Known for its ski fields, it also offers good tramping, camping and picnicking.
Fed by four alpine glaciers, Fox Glacier falls 2600 metres on its 13 kilometre journey towards the coast. Named after an early New Zealand Prime Minister, William Fox, the glacier is 300 metres deep and its terminal face is just 5 kilometres from the township. The road to the glacier crosses ancient moraine from earlier advances and retreats.
Near Fox Glacier is beautiful Lake Matheson, icon of the West Coast with its enchanting reflections of Mount Cook and Mount Tasman, New Zealand's highest peaks. A delightful bush track walk follows the lake edge.

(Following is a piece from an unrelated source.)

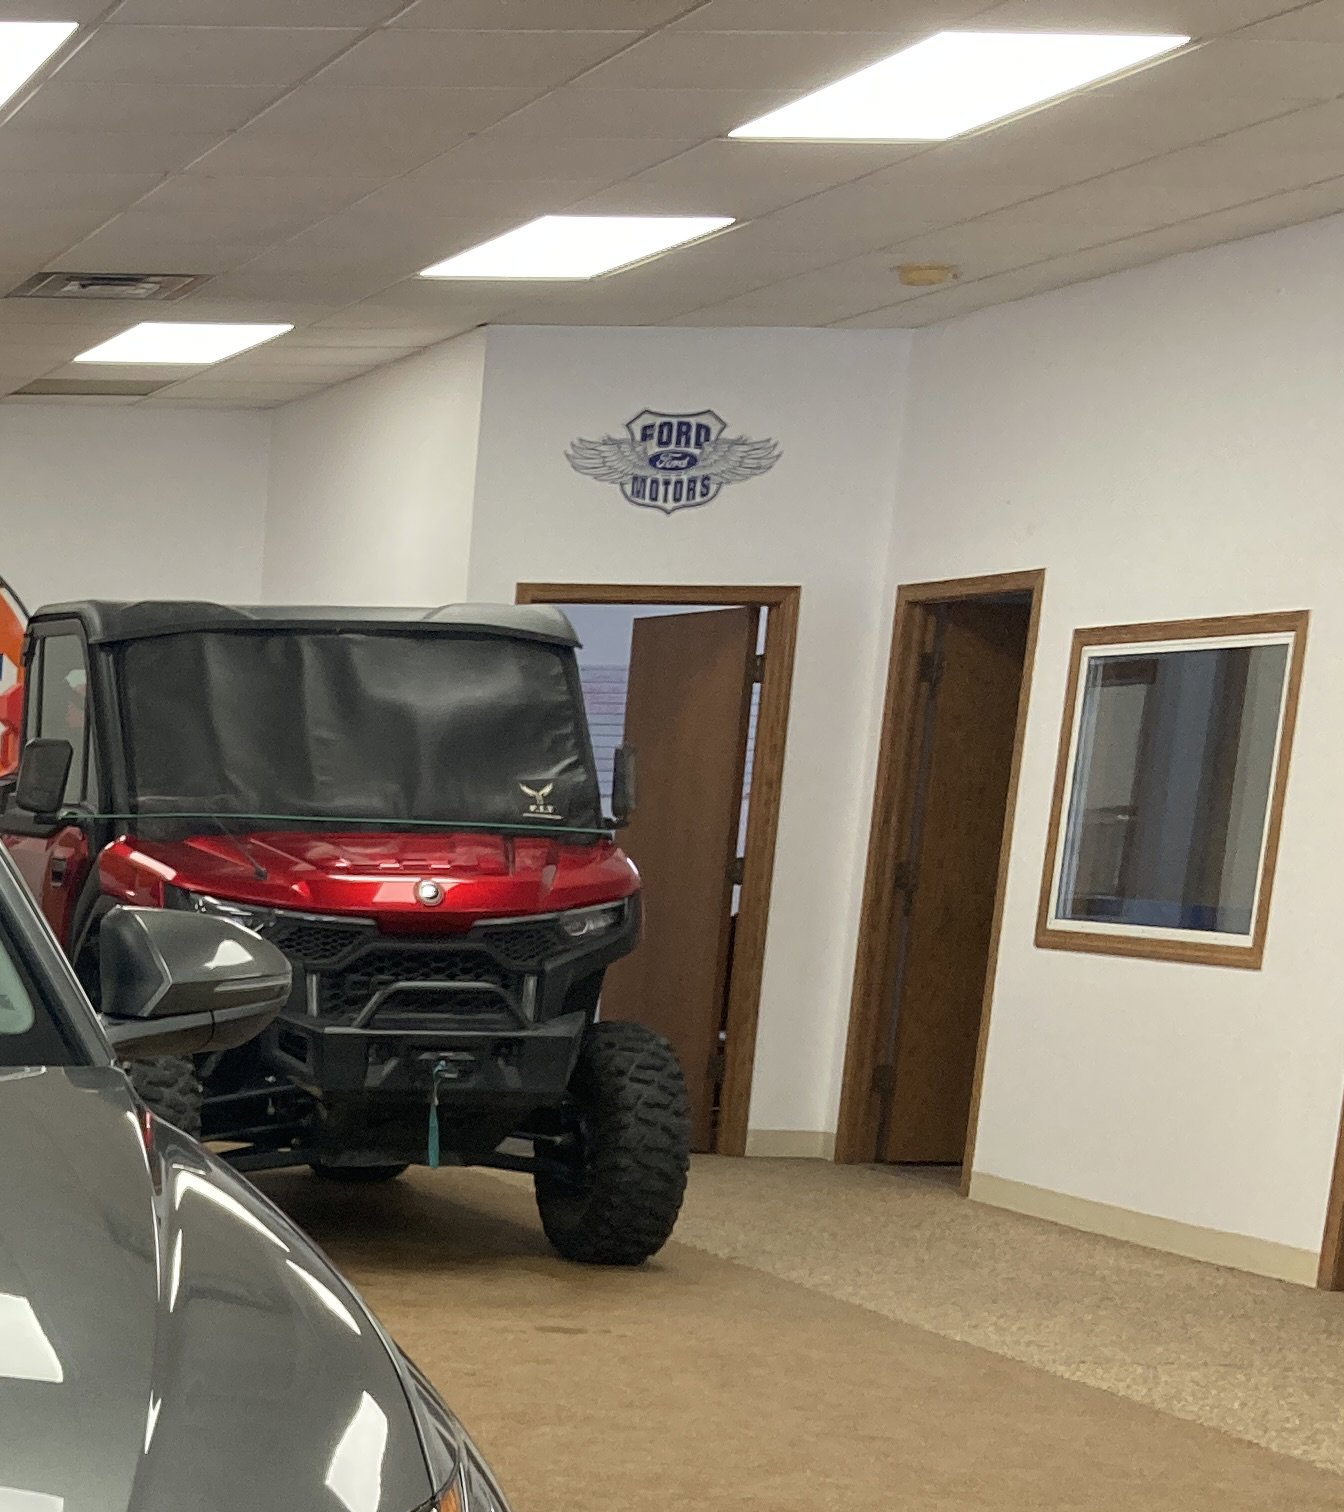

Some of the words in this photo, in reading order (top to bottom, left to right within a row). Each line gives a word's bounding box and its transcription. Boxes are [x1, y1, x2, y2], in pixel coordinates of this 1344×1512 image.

[640, 421, 711, 449] FORD
[656, 454, 689, 468] Ford
[631, 474, 711, 503] MOTORS

At Gillespies Beach, up to 1500 seals congregate during winter below Waikowhai Bluff, with smaller numbers to be seen in summer.
A walk along a bush path at the south end of the township to a grotto of ferns will be rewarded by a spectacular show of glow worms sparkling through the clear, black night.
Julius von Haast, geologist and explorer, named Franz
Josef Glacier in 1863, after the Emperor of the Austro-Hungarian Empire.
Approximately 7000 years old, and a remnant of a much older and larger glacier
which originally swept right to the sea, Franz
Josef Glacier extends 12 kilometres from its three feeder glaciers in
the high snow fields of the Alps. Today the terminal face is a mere 19 kilometres
from the sea and just 5 kilometres from the township.
The 1946 New Zealand Peace Stamp issue which commemorated
the end of World War II, featured on its nine penny stamp the view of Franz
Josef Glacier from the altar window of St James Anglican Church. This
historic church was dedicated in 1931. By 1954 the glacier had retreated so
that it was no longer visible from the church. The advance of the glacier
brought it back into view in 1997.
Maori Legend
Early Maori called this place Ka Roimata o Hinehukatere
- The Tears of the Avalanche Girl (Hinehukatere).
Hinehukatere loved climbing in the mountains and persuaded her lover, Tawe,
to climb with her. Tawe fell from the peaks to his death. Hinehukatere was
broken hearted and her many, many tears froze to form the glacier.